ガラスの部屋

 映画ファンとして長生きして損したと思うことが二つほどある。
 ひとつは「鉄道員」(1956)。イタリア・リアリズムの重厚なこの映画が、浅田次郎により「ぽっぽや」という気が抜けるようなふり仮名がつけられてしまった。わたしなどより旧国鉄、私鉄関係の人たちはどう思っているのか気になる。
 もう一つがこの「ガラスの部屋」で、同じく、重厚なもの→軽薄浮調なものへの転落なのだが、一時私の心を奪ったこの映画の主題歌が、「ヒロシ」によってコミカルなものになってしまい、なんだかこの曲の曲想には浸りづらくなってしまった。

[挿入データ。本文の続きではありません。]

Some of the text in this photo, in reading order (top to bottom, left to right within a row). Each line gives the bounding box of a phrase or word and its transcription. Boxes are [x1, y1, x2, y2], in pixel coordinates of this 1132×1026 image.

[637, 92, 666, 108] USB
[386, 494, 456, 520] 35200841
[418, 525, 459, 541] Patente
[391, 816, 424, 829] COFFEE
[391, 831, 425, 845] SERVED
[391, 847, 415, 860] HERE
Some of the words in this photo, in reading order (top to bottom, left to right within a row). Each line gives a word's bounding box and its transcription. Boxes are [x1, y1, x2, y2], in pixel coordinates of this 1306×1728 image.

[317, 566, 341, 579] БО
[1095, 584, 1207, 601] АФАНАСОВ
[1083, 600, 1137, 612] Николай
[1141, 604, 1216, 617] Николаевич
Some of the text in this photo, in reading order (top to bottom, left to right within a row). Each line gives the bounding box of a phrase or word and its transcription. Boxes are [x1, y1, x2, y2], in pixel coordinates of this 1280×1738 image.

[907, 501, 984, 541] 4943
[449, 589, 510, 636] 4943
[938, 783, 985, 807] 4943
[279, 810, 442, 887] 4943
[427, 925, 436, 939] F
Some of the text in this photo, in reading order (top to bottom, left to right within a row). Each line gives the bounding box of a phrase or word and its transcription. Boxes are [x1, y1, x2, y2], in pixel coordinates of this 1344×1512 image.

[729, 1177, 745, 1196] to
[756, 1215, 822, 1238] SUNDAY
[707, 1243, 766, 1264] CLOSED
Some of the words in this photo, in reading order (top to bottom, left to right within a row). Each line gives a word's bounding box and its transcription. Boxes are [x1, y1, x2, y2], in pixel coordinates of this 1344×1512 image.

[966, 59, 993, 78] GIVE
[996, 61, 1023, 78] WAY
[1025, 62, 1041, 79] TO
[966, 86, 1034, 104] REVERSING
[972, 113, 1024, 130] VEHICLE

 You Tube でこの映画はほぼ全編を見ることができるが、今見てみるとまぎれもなく「1968年革命」当時の映画で、当時の学生運動の様子などが出てくる。そしてその運動に身を投じていた、ラブロック扮するグイドは金持ちであるのみならず何と貴族だったのであって、とにかく今で言うところのBL漫画そのままの幻想的な美貌と見えたが、ラブロックが魅力的だったのはこの映画だけで、「屋根の上のバイオリン弾き」(1971)では早くもその魅力は色あせていた。